Surviving Mergers & Acquisitions

Sitting at home this week and working on a blog post, I had an email from Scott Dorsey – Chairman, CEO & Co-Founder of ExactTarget hit my inbox at 11:45pm Sydney time. It was a done deal, salesforce.com were acquiring ExactTarget for US$2.5 billion. It was reminiscent for me of the Oracle announcement when they acquired Siebel Systems for US$5.8 billion in September 2005. I was working for Siebel at the time.

Let the games begin

There’s always mixed feelings for staff when these things happen. For those with loads of shares, they may start planning that little get away in the South Pacific they’d always wanted.

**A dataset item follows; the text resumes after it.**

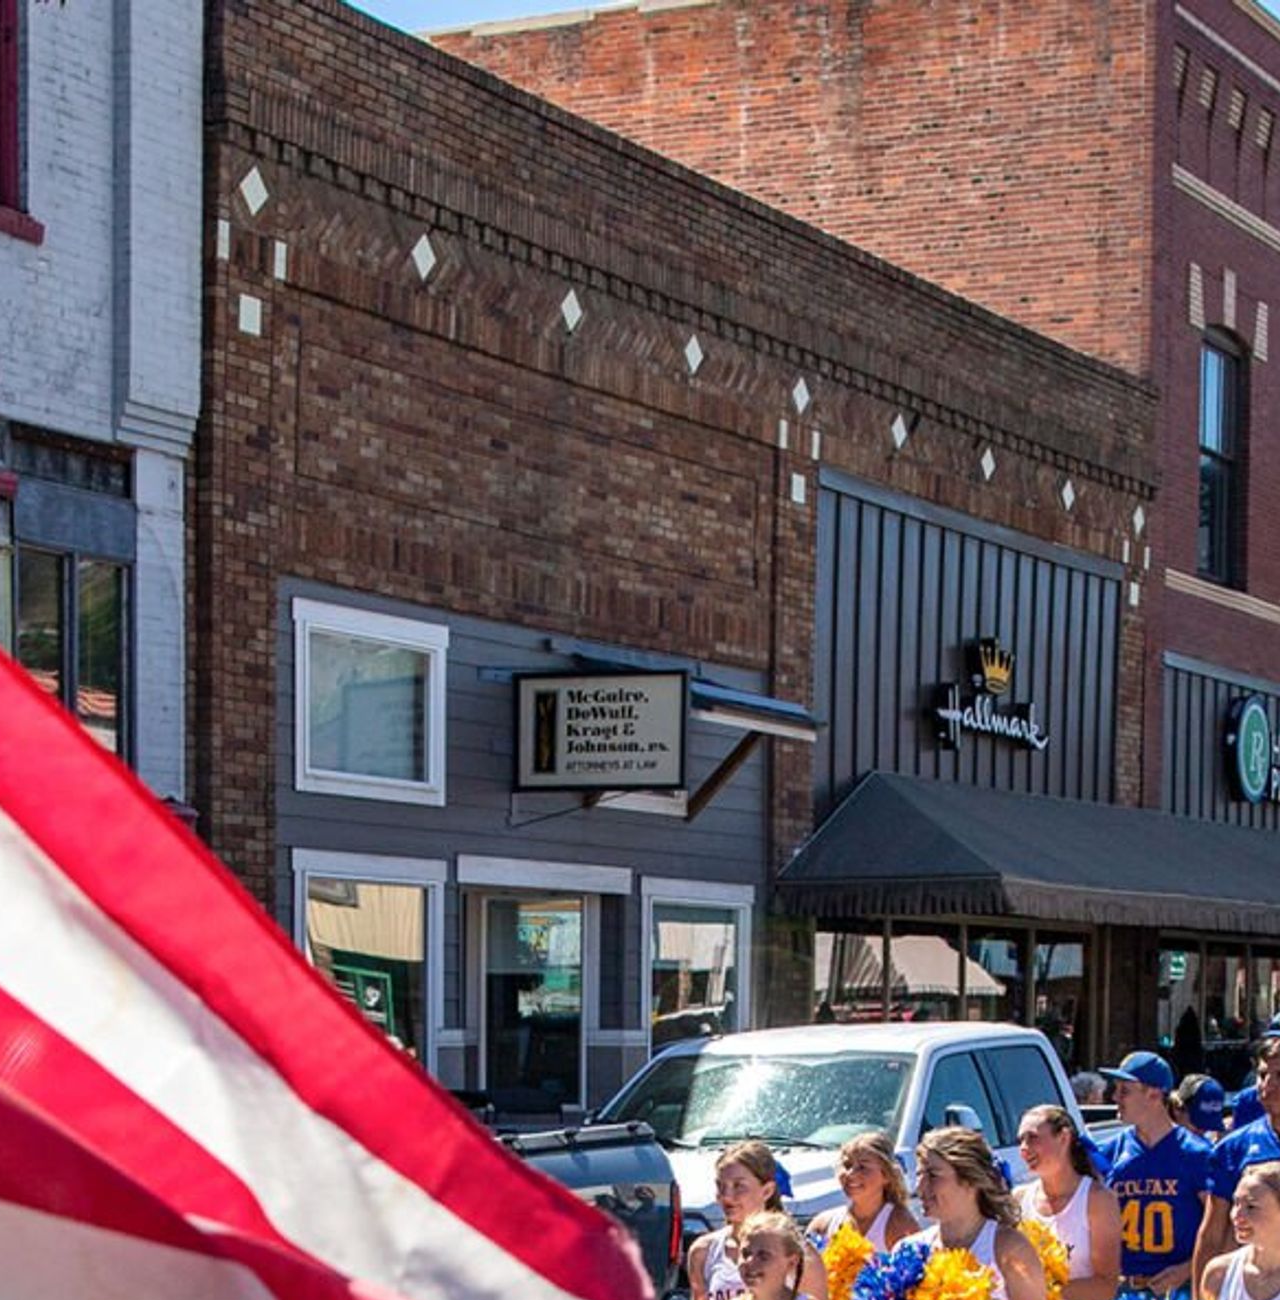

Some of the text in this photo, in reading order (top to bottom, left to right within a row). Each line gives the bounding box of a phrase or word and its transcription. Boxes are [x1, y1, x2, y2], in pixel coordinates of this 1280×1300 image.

For most of us though the questions is “Will I have a job in six months?“.

It’s a good question to ask. What follows is the inevitable “streamlining” of staff, the back office staff are probably the most nervous. The finance team are easy fodder, you don’t need two of everything and the acquiring company is the one really making the decisions.

There are exceptions. When Hewlett-Packard announced the acquisition of Compaq in 2001 for US$25 billion, many of the Compaq staff in Australian were kept and HP used it as an excuse to “move on” a good number of dead wood.

What’s a good plan?

When I was at Siebel, luck would have it that I was headhunted and was able to move on before the official acquisition date took place. My business unit had been a previous acquisition by Siebel for US$259 million and in the Oracle world, our sales processes and methodologies didn’t make a lot of sense. Oracle sold the OnTarget business unit to an Ireland based firm and they became known as The TAS Group.

“The OnTarget operation is not core to Oracle’s future business strategy, the vendor said in a release. However, Oracle claims “numerous” third parties have already expressed interest in acquiring the operation and it hopes to complete a deal this spring. Oracle referred further inquiries about the OnTarget sell-off to investment banking services provider McNamee Lawrence & Co. LLC.”*

What can you do to survive?

You really need to ask yourself do you want to survive in this new world? Is there an opportunity for you to jump ship and land a dream role somewhere else in the industry that  you enjoy? For Australian employees the question may be do I wait around for a redundancy payout – that could be attractive. At the start of the 2001 tech crash I know of Cisco Systems employees who were made redundant with payouts around AU$40k and more.

Once you decide you want to stay or go, you need to work your network to determine if you have a chance of surviving. Today LinkedIn is a good way to do this, however I’d suggest that building your LinkedIn network is something you need to do long before a M&A takes place.

It comes back to building your own brand. How valuable are you to the business? You also need to ask questions, be open and honest with the decision makers and ask them to be honest and open with you.

While at Ernst & Young around 2009 I asked my Managing Partner to be honest with me about the future. The Global Financial Crisis had hit and the writing was on the wall, we knew our days were numbered. I asked him to let me know as soon as he knew we were being shut down. He was true to his word, I got a call from him one Friday night letting me know it was all over.

At the end of the day…

…you really just need to look out for number one, that’s yourself. Keep your eyes and ears open, ensure you have a back up plan. You should also look for opportunities that may enable you to have a career change within the organisation. Don’t stick your heard in the sand and ignore what’s going on around you.